━━ Supplied information
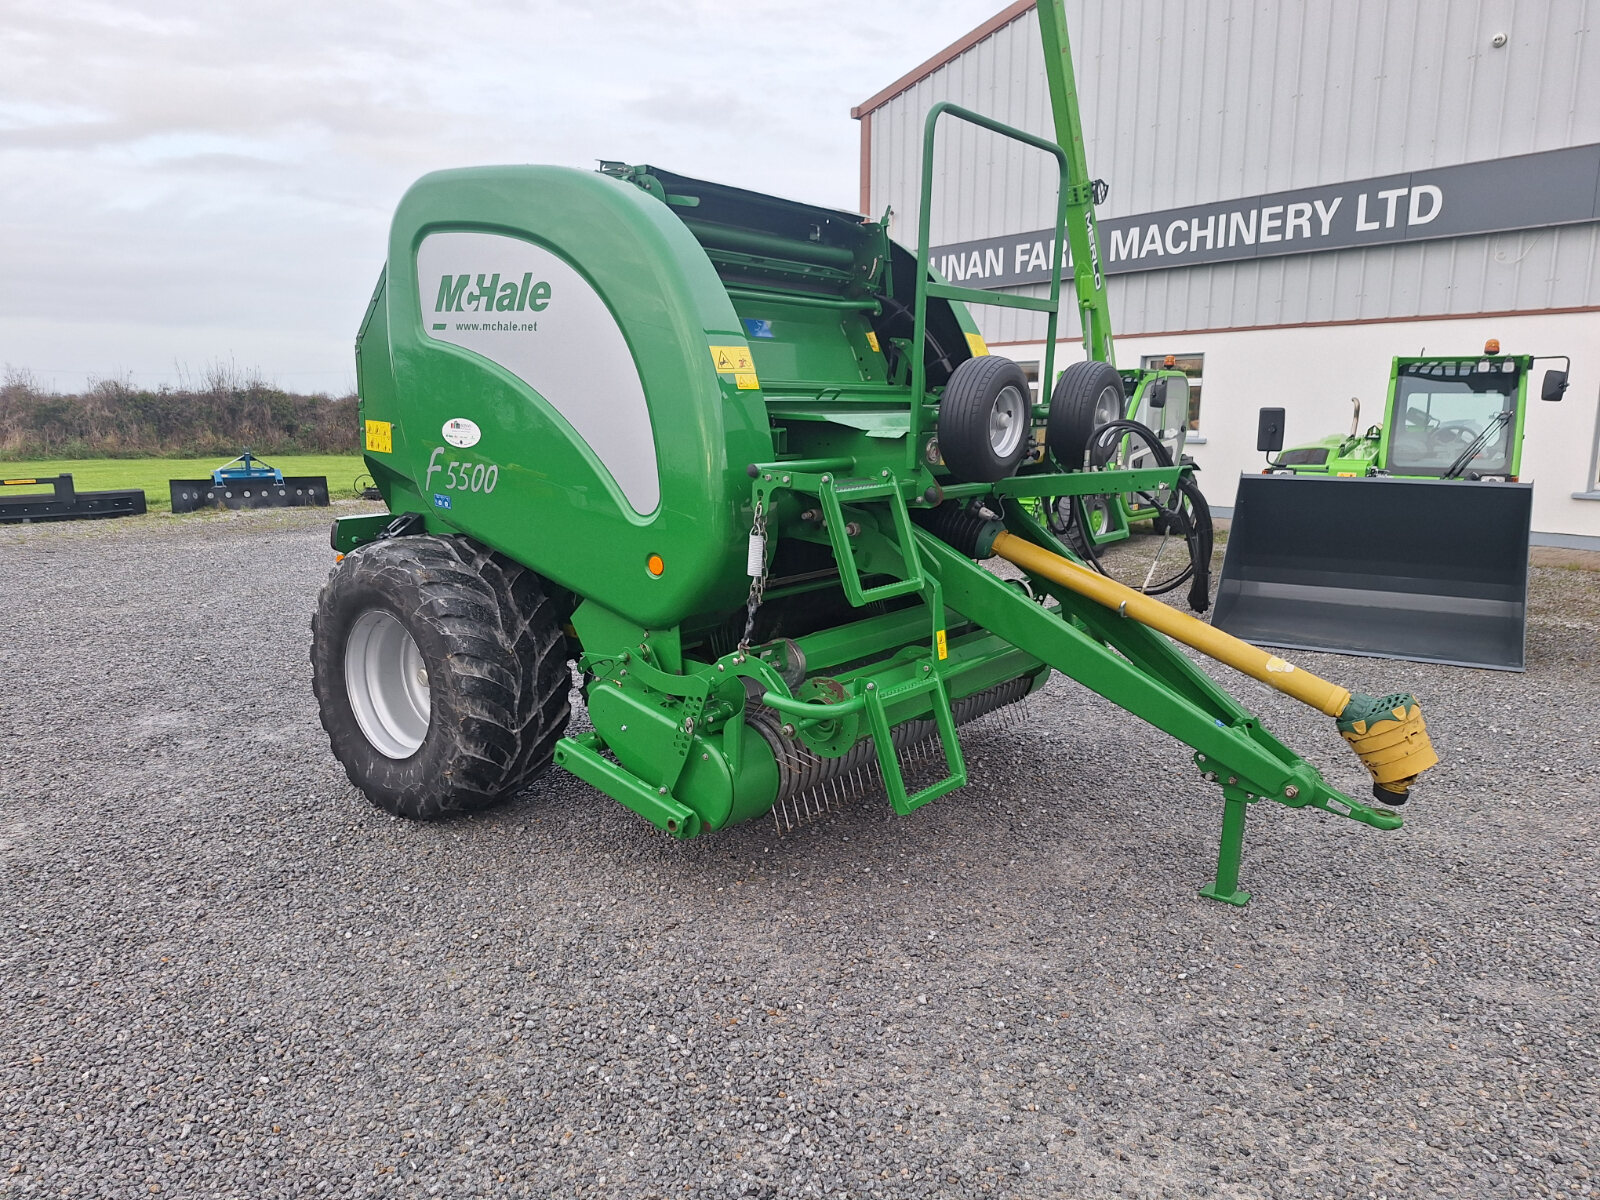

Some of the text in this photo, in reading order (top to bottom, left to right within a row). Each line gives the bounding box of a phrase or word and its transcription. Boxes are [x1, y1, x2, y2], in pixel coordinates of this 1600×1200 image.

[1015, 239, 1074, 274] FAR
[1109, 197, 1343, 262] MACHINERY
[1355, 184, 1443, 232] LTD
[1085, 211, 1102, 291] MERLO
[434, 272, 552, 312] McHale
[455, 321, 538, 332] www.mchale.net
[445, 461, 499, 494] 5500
━━━━
### Exercise objective
In the answer, the entries should be restated verbatim, with all pictures omitted.

### Response box
Some of the text in this photo, in reading order (top to bottom, left to right within a row). Each line gives the bounding box of a phrase or word and its transcription. Boxes are [x1, y1, x2, y2], in pixel coordinates of this 1600×1200 image.

[1015, 239, 1074, 274] FAR
[1109, 197, 1343, 262] MACHINERY
[1355, 184, 1443, 232] LTD
[1085, 211, 1102, 291] MERLO
[434, 272, 552, 312] McHale
[455, 321, 538, 332] www.mchale.net
[445, 461, 499, 494] 5500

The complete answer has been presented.